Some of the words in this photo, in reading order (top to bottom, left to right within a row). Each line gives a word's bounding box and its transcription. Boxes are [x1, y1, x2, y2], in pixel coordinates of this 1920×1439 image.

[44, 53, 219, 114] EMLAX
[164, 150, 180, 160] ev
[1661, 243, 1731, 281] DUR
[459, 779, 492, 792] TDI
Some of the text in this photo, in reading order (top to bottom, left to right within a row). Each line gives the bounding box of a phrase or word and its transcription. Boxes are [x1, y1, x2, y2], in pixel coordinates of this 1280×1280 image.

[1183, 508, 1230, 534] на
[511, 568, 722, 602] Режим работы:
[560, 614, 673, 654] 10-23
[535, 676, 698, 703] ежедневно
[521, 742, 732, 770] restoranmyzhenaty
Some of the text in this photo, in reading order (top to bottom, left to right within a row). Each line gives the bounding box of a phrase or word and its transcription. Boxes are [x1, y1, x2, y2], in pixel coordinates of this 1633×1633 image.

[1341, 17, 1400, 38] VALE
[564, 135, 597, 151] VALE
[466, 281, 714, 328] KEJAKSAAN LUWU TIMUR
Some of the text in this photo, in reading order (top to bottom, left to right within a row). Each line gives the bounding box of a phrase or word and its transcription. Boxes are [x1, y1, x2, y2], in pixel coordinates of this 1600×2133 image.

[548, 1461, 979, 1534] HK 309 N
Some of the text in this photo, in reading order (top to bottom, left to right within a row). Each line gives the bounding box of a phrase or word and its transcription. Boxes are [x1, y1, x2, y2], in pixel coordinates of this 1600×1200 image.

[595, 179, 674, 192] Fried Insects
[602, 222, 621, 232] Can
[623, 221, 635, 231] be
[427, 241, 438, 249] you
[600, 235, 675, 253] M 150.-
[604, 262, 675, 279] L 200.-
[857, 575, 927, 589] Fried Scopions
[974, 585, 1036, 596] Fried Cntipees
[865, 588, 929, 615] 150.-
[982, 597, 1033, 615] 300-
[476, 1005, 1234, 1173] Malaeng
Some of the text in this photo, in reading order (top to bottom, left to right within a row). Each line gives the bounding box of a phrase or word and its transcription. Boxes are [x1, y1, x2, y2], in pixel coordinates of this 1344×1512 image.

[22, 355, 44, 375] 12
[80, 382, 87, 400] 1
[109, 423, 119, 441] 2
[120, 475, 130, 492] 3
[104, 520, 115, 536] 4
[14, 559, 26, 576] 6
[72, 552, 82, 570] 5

=-=-=

• Instructions for the task
Reproduce the line containing "this 1600×2133 image." and every line after it. Stop at the last line of the records, and add nothing.

• Solution to this task
Some of the text in this photo, in reading order (top to bottom, left to right within a row). Each line gives the bounding box of a phrase or word and its transcription. Boxes are [x1, y1, x2, y2], in pixel coordinates of this 1600×2133 image.

[548, 1461, 979, 1534] HK 309 N
Some of the text in this photo, in reading order (top to bottom, left to right within a row). Each line gives the bounding box of a phrase or word and its transcription. Boxes are [x1, y1, x2, y2], in pixel coordinates of this 1600×1200 image.

[595, 179, 674, 192] Fried Insects
[602, 222, 621, 232] Can
[623, 221, 635, 231] be
[427, 241, 438, 249] you
[600, 235, 675, 253] M 150.-
[604, 262, 675, 279] L 200.-
[857, 575, 927, 589] Fried Scopions
[974, 585, 1036, 596] Fried Cntipees
[865, 588, 929, 615] 150.-
[982, 597, 1033, 615] 300-
[476, 1005, 1234, 1173] Malaeng
Some of the text in this photo, in reading order (top to bottom, left to right within a row). Each line gives the bounding box of a phrase or word and its transcription. Boxes are [x1, y1, x2, y2], in pixel coordinates of this 1344×1512 image.

[22, 355, 44, 375] 12
[80, 382, 87, 400] 1
[109, 423, 119, 441] 2
[120, 475, 130, 492] 3
[104, 520, 115, 536] 4
[14, 559, 26, 576] 6
[72, 552, 82, 570] 5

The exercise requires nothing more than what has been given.